1 and 2 are a cross-sectional view and a plan view, respectively, showing a portable semiconductor memory device according to an embodiment of the present invention, and FIG. 3 shows how current flows in the portable semiconductor memory device of the embodiment. FIGS. 4A to 4G are diagrams schematically showing coupling means in other embodiments, and FIGS. 5 and 6 are a cross-sectional view and a plan view, respectively, showing a conventional portable semiconductor memory device. FIG. 7 is a cross-sectional view taken along the line I-1 in FIG. 6, FIG. 8 is a system diagram for performing an electrostatic charge application test on a portable semiconductor memory device, and FIG. 9 is a diagram of the discharge current in a conventional portable semiconductor memory device. FIG. 10 is a diagram schematically showing how discharge current flows in a semiconductor memory. In the figure, (22) is a semiconductor memory, (23a) is a first ground line, (23b) is a second ground line, (2
4) is a frame, (25) and (26) are panels, (2)
7) is a connector, (27a) is a ground terminal, (27b) is an input/output terminal, (27d) is an insertion port, (28) is a coil spring, (38) is a ring-shaped spring, (48) is a leaf spring, (5)
8) is a coupling capacitor, (68) is a coupling resistor, (78)
is an overvoltage protection element.
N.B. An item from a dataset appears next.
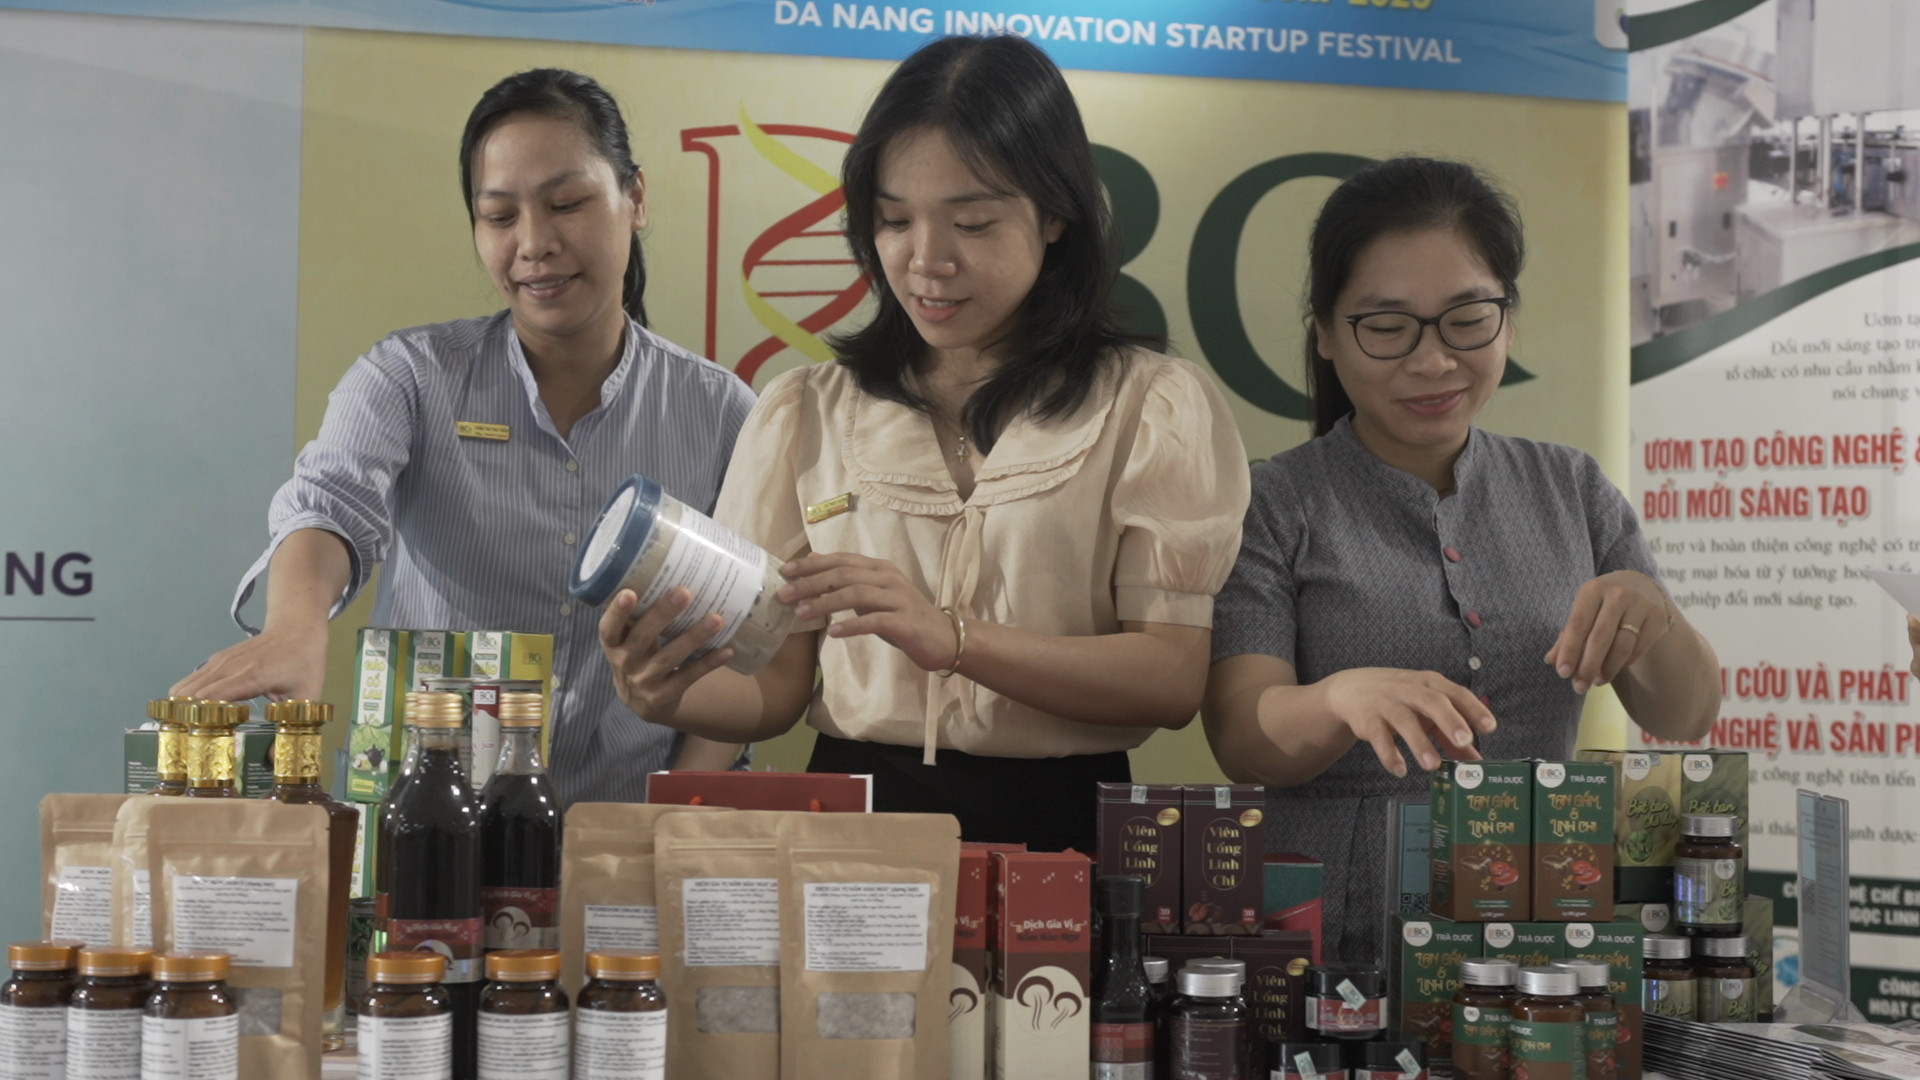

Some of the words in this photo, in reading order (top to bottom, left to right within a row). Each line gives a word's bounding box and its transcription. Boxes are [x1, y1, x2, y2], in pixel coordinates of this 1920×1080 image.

Note that the same reference numerals in each figure indicate the same or corresponding parts.

Claims (2)

[Claims] (1) A storage means for storing data, a casing that houses the storage means, and a plurality of terminals provided on the casing, including a ground terminal and an input/output terminal for inputting and outputting data to and from the storage means. a first grounding line connecting the grounding terminal and the storage means; a second grounding line branching from the first grounding line in the vicinity of the grounding terminal; 1. A portable semiconductor memory device comprising: coupling means for electrically coupling two ground lines and the casing. (2) The device according to claim 1, wherein the ground terminal of the connector is formed longer on the insertion opening side of the connector than other terminals.